§ What the exercise asks:
Repeat the listing verbatim. Drop any pictures.

§ Data provided:
================================

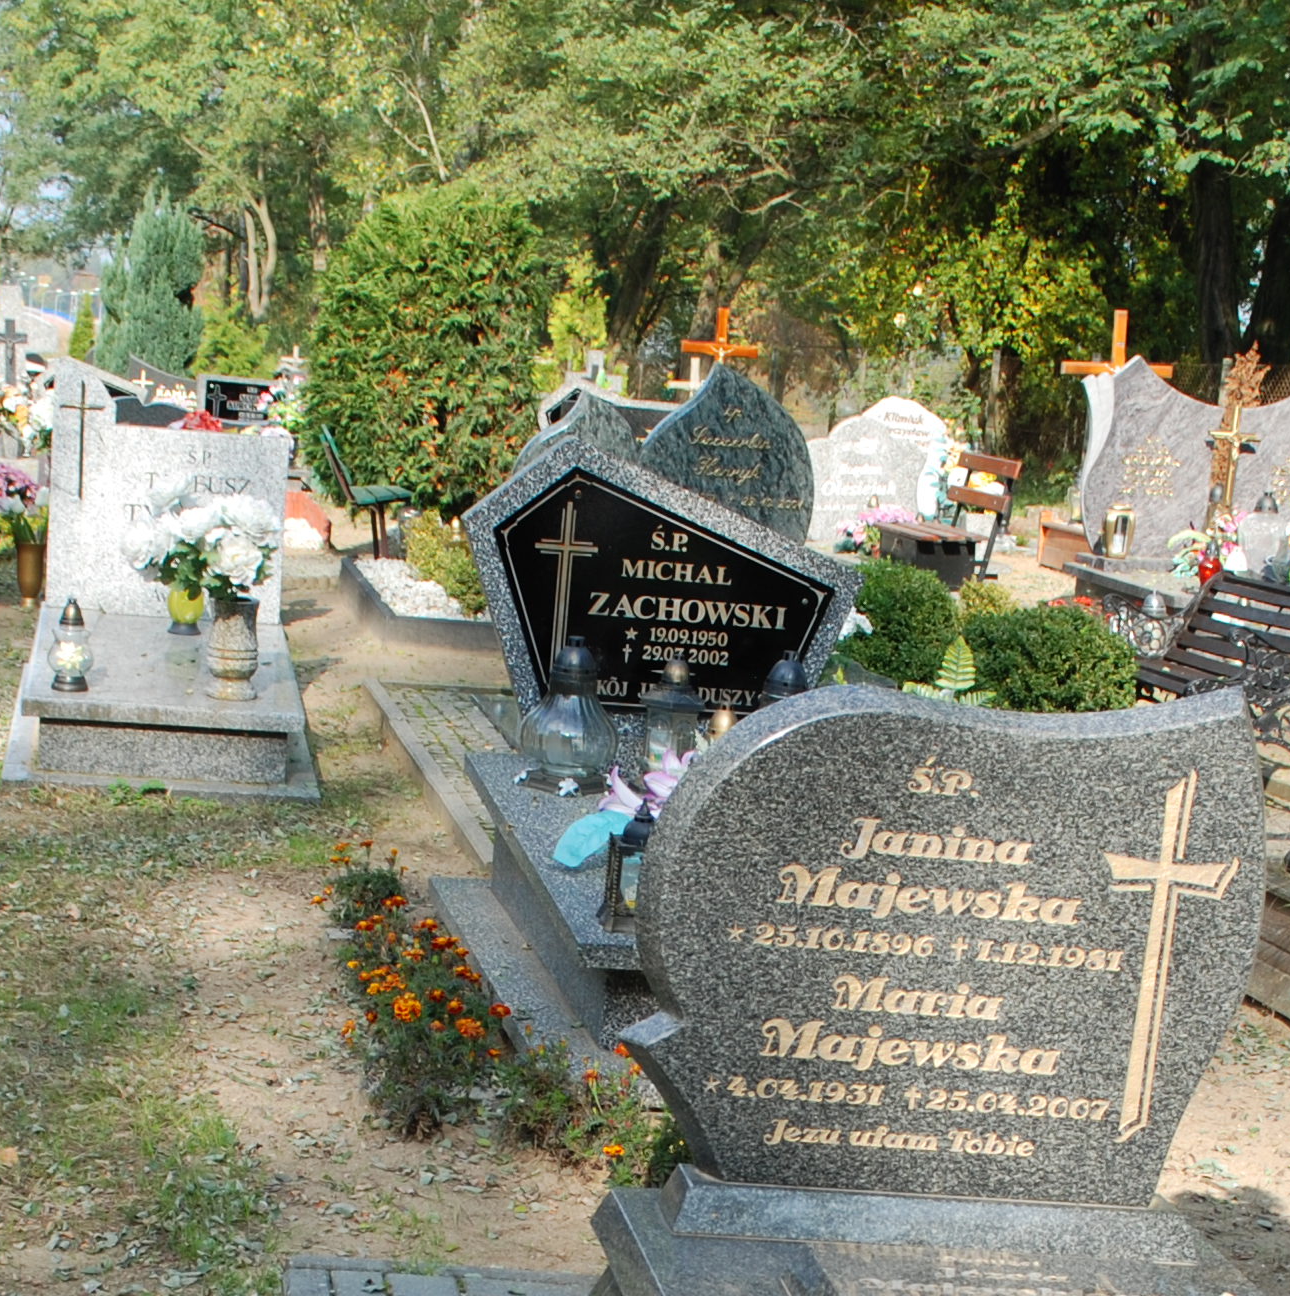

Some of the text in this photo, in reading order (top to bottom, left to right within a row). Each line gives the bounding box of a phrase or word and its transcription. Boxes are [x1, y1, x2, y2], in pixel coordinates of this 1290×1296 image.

[587, 591, 788, 631] ZACHOWSKI
[641, 644, 730, 667] 29.072002
[649, 626, 729, 648] 19.09.1950
[698, 687, 756, 706] DUSZY
[839, 815, 1035, 867] Janina
[775, 861, 1084, 927] Majewska
[753, 922, 1125, 973] 25.10.1896 1.12.1981
[831, 972, 1006, 1022] Maria
[757, 1016, 1063, 1077] Majewska
[726, 1074, 1111, 1122] 4.04.1931 25.04.2007
[762, 1118, 1036, 1158] Jezu ufam Tobie

================================

§ Result of the task:
Some of the text in this photo, in reading order (top to bottom, left to right within a row). Each line gives the bounding box of a phrase or word and its transcription. Boxes are [x1, y1, x2, y2], in pixel coordinates of this 1290×1296 image.

[587, 591, 788, 631] ZACHOWSKI
[641, 644, 730, 667] 29.072002
[649, 626, 729, 648] 19.09.1950
[698, 687, 756, 706] DUSZY
[839, 815, 1035, 867] Janina
[775, 861, 1084, 927] Majewska
[753, 922, 1125, 973] 25.10.1896 1.12.1981
[831, 972, 1006, 1022] Maria
[757, 1016, 1063, 1077] Majewska
[726, 1074, 1111, 1122] 4.04.1931 25.04.2007
[762, 1118, 1036, 1158] Jezu ufam Tobie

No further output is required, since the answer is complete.